▶ **What you are asked to do**: Drop all pictures and repeat exactly the lines from the line holding "Some of the text" through the end of the records.

- - - - -

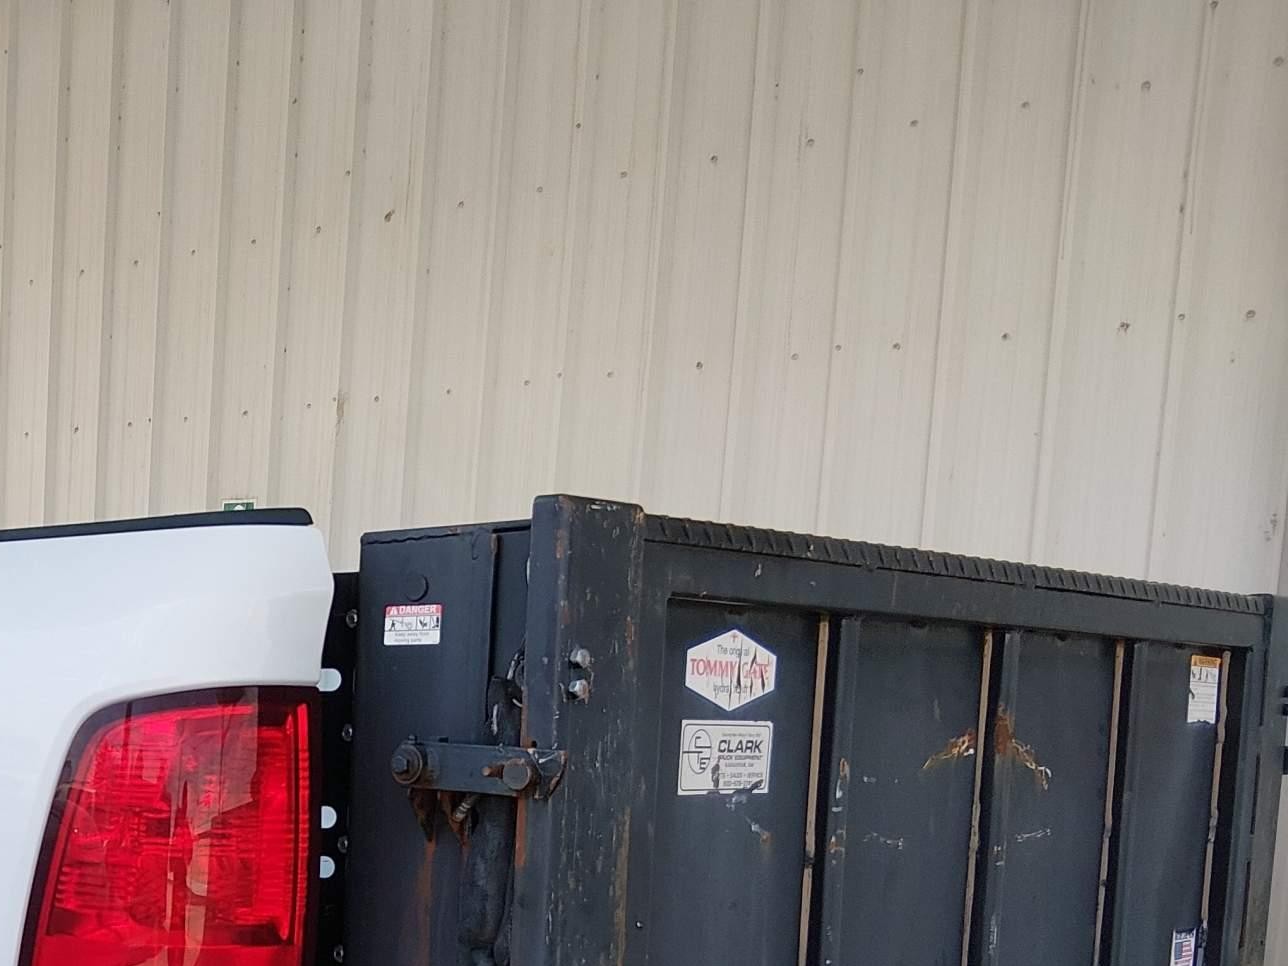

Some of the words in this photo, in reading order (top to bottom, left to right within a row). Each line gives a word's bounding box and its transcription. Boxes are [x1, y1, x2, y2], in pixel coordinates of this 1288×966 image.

[399, 605, 435, 615] DANGER
[690, 658, 737, 678] TOMMY
[718, 739, 763, 753] CLARK
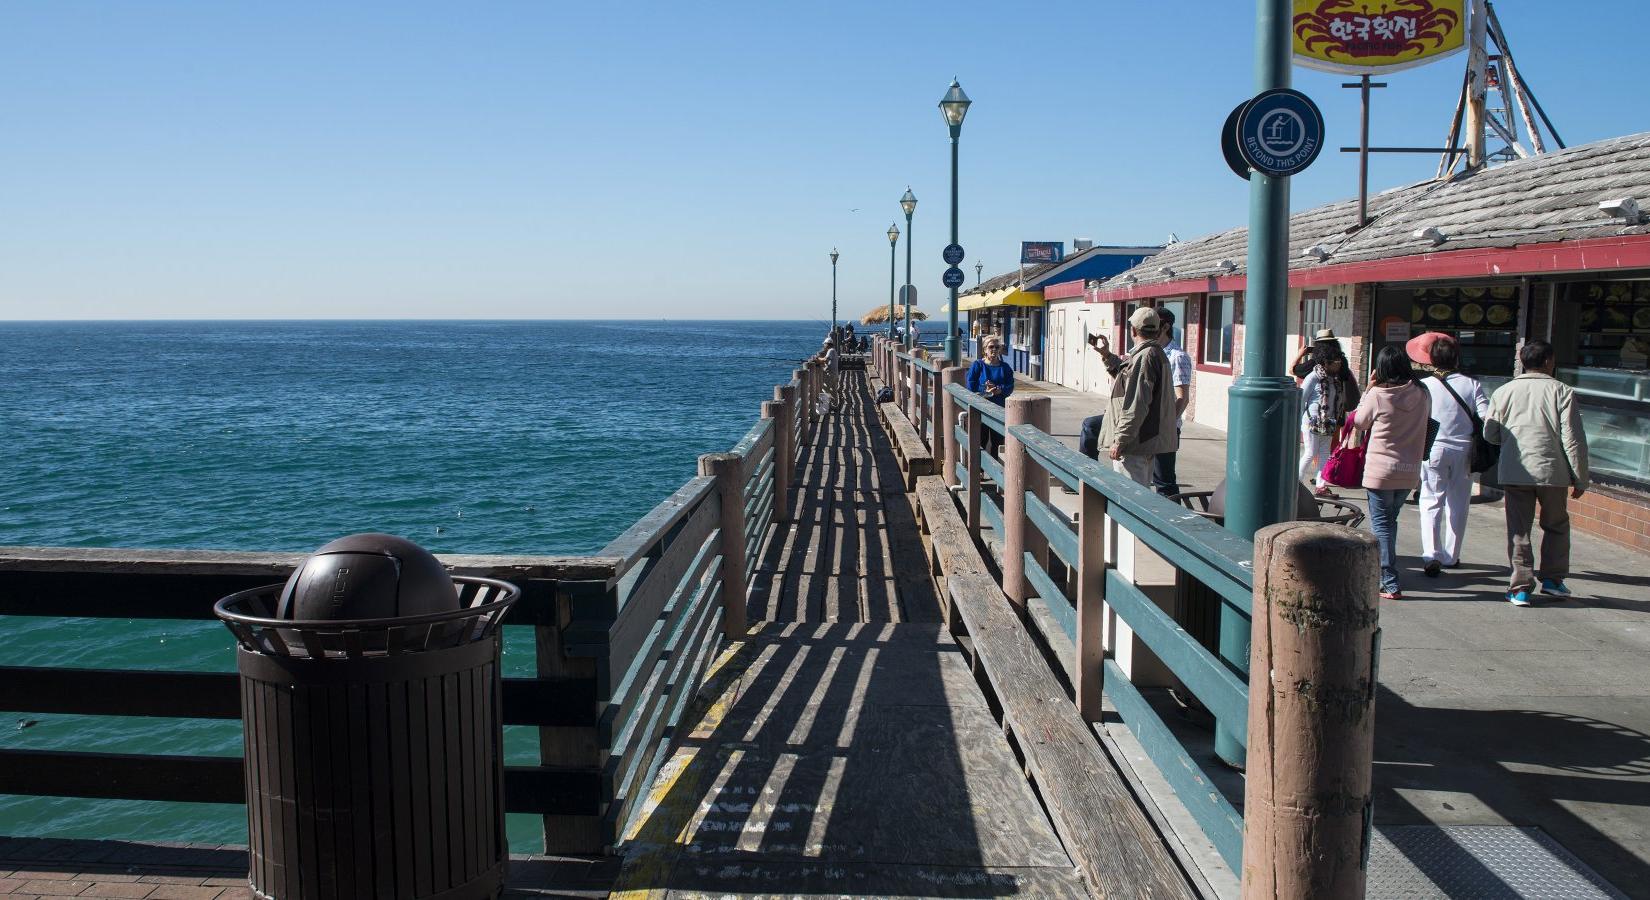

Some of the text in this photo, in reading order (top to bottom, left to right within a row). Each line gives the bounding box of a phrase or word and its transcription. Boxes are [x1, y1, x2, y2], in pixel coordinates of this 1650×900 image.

[1329, 16, 1417, 40] 한국횟집
[1247, 136, 1315, 168] BEYOND THIS POINT
[1333, 295, 1348, 310] 131
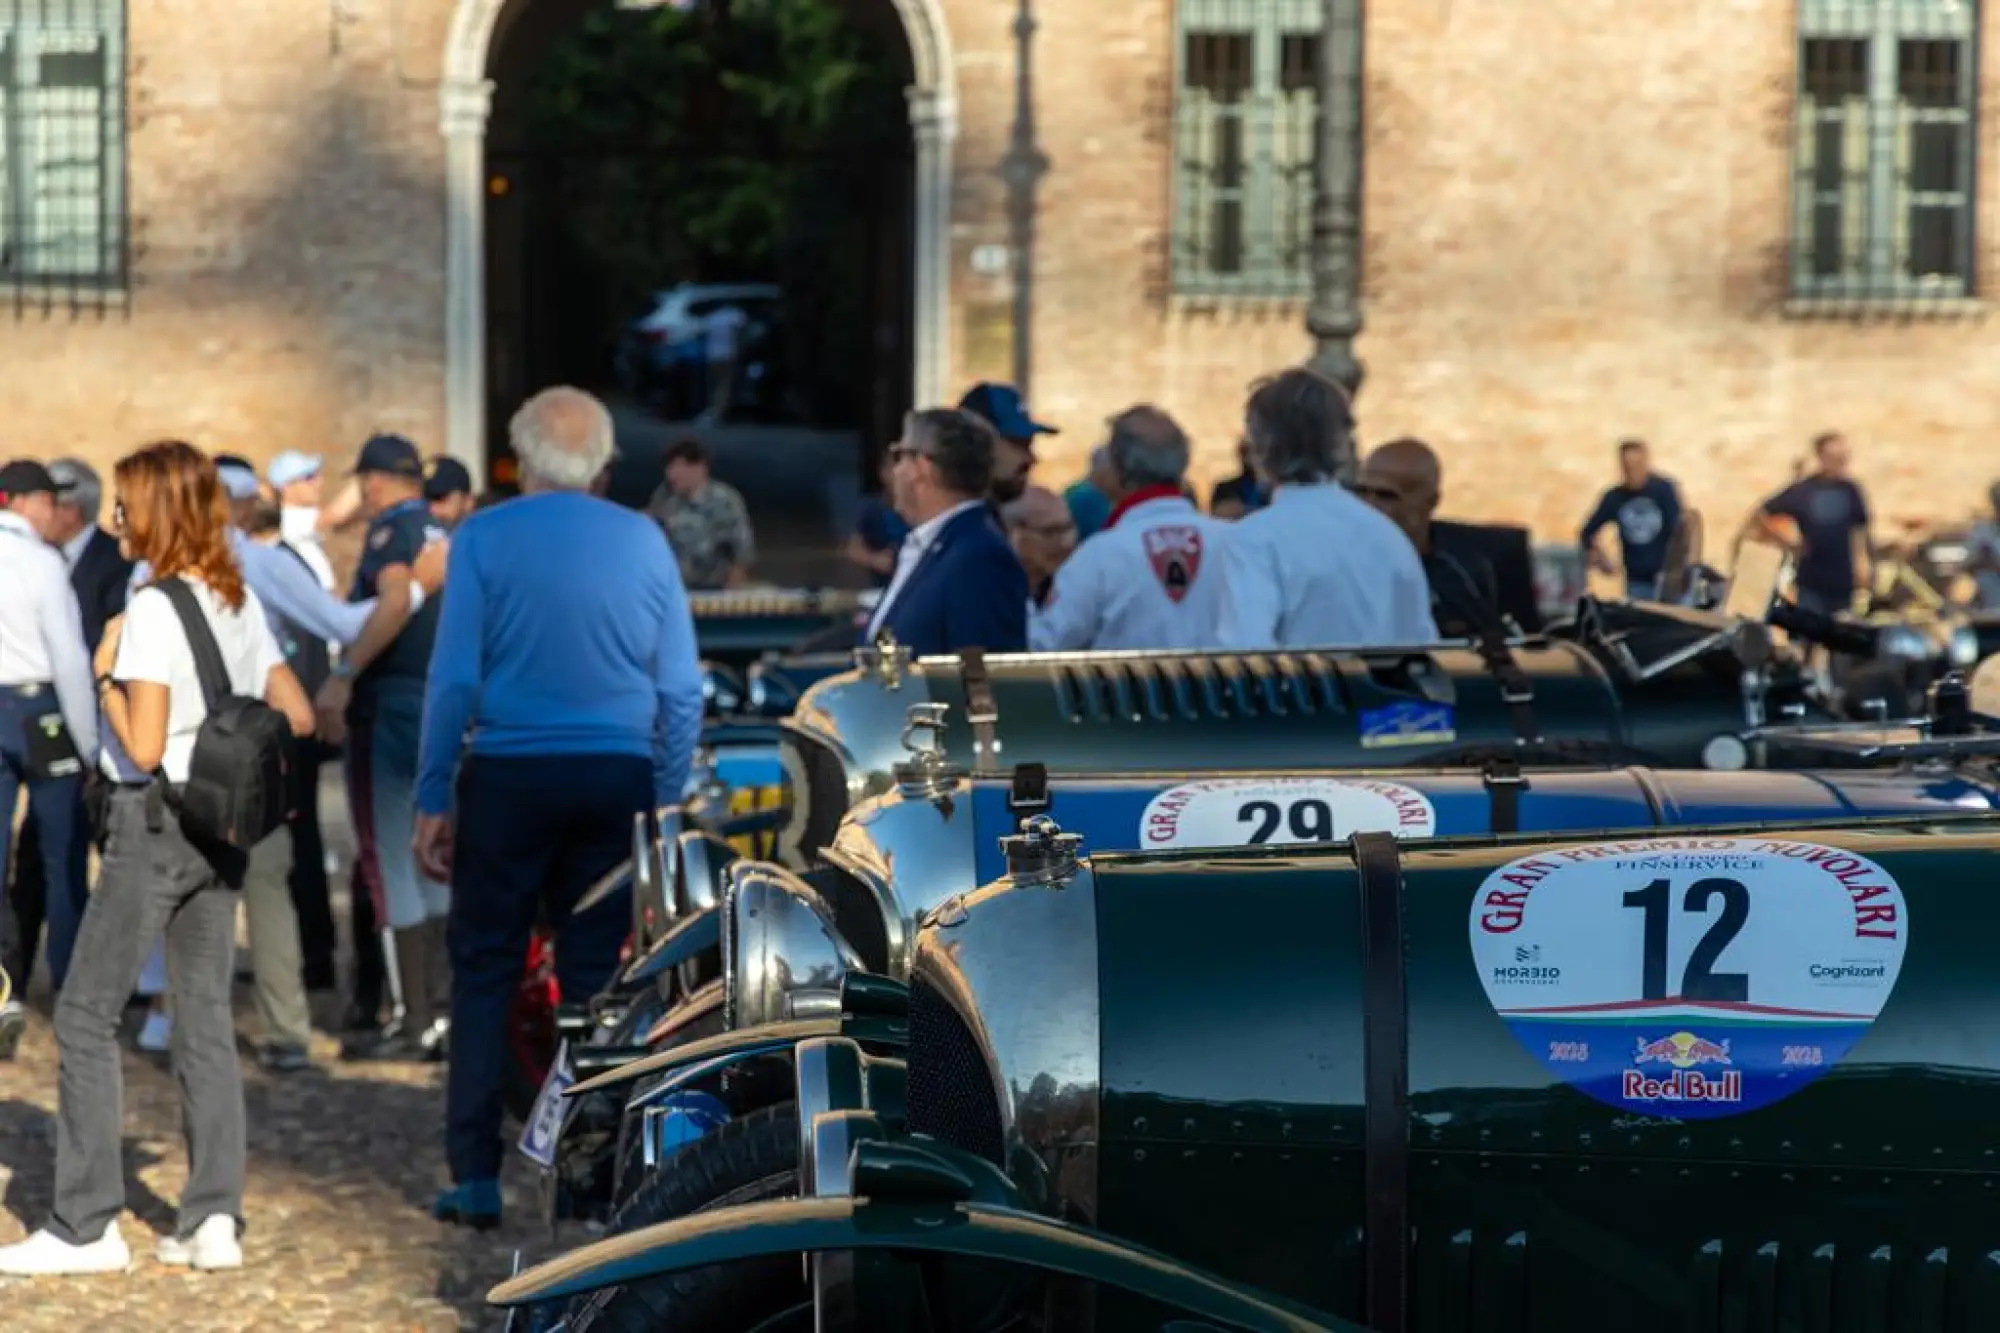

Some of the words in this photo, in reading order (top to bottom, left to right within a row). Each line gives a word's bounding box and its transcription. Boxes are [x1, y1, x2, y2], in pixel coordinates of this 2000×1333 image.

[1148, 791, 1196, 842] GRAN
[1236, 798, 1334, 845] 29
[1615, 860, 1764, 870] FINSERVICE
[1480, 859, 1563, 934] GRAN
[1559, 840, 1737, 862] PREMIO
[1752, 841, 1898, 940] NUVOLARI
[1622, 877, 1751, 1002] 12
[1810, 964, 1886, 978] Cognizant
[1623, 1069, 1682, 1100] Red
[1684, 1070, 1741, 1101] Bull

- - - - -

▶ **Response area**:
Some of the text in this photo, in reading order (top to bottom, left to right within a row). Each line gives the bounding box of a phrase or word and its transcription. Boxes are [x1, y1, x2, y2], in pixel coordinates of this 1650×900 image.

[1329, 16, 1417, 40] 한국횟집
[1247, 136, 1315, 168] BEYOND THIS POINT
[1333, 295, 1348, 310] 131

Some of the words in this photo, in reading order (top to bottom, left to right within a row). Each line gives a word's bounding box and its transcription. Boxes are [x1, y1, x2, y2], in pixel coordinates of this 2000×1333 image.

[1148, 791, 1196, 842] GRAN
[1236, 798, 1334, 845] 29
[1615, 860, 1764, 870] FINSERVICE
[1480, 859, 1563, 934] GRAN
[1559, 840, 1737, 862] PREMIO
[1752, 841, 1898, 940] NUVOLARI
[1622, 877, 1751, 1002] 12
[1810, 964, 1886, 978] Cognizant
[1623, 1069, 1682, 1100] Red
[1684, 1070, 1741, 1101] Bull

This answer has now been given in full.